Pelvic Floor Imaging (2D, 3D US AND MRI)


Imam Khomeini Hospital, Medical Imaging Center-Cancer Institute



Trans labial US is an easy and available modality with low cost and is recommended as the first line of imaging evaluation. US also lacks the disadvantage of limitation access to patient.
MRI with multiple sequences in static and dynamic series can play a major role in definition of multi compartment nature of most of pelvic floor disorders and potentially can provide a road map for Gynecologist for best surgical planning.
In this presentation we describe the US (2D & 3D) and MRI findings in various defects of muscular support of pelvic floor and endopelvic fascia responsible for dysfunctions in Anterior, mid and posterior compartments.

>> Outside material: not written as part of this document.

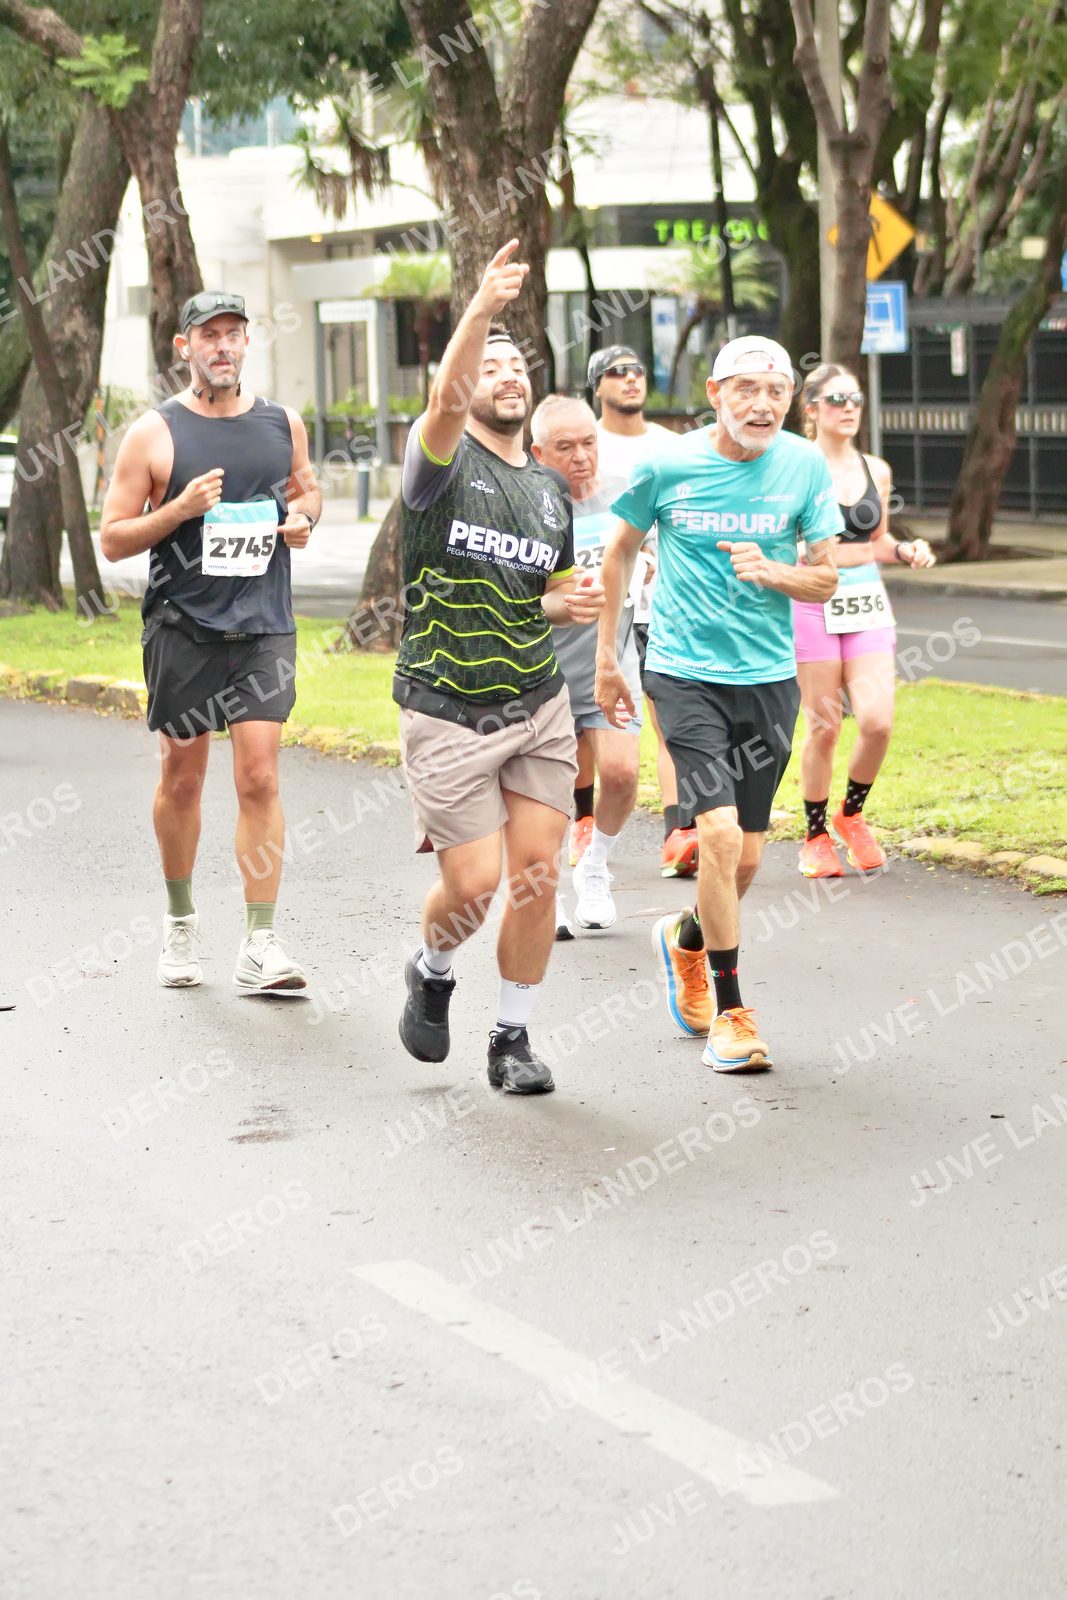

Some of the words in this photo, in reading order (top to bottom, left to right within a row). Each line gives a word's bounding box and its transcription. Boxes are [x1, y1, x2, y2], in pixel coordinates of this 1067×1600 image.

Pelvic floor disorders consist of a wide spectrum   of various pathologies and account for a variety of clinical presentations. Clinical complains include urinary and fecal incontinence,  chronic  pelvic  pain, sexual dysfunction, constipation and genital prolapsed. They make a significant impairment in quality of life and involve up to 30% of middle age women. Basically the first method of investigation is manual exam preferably POP-Q. However, it is not enough as there is a high recurrence rate after pelvic floor surgeries. In this way imaging modalities may help in more precise detection of pelvic floor dysfunction and to determine if the defect is global or confined to a specific compartment.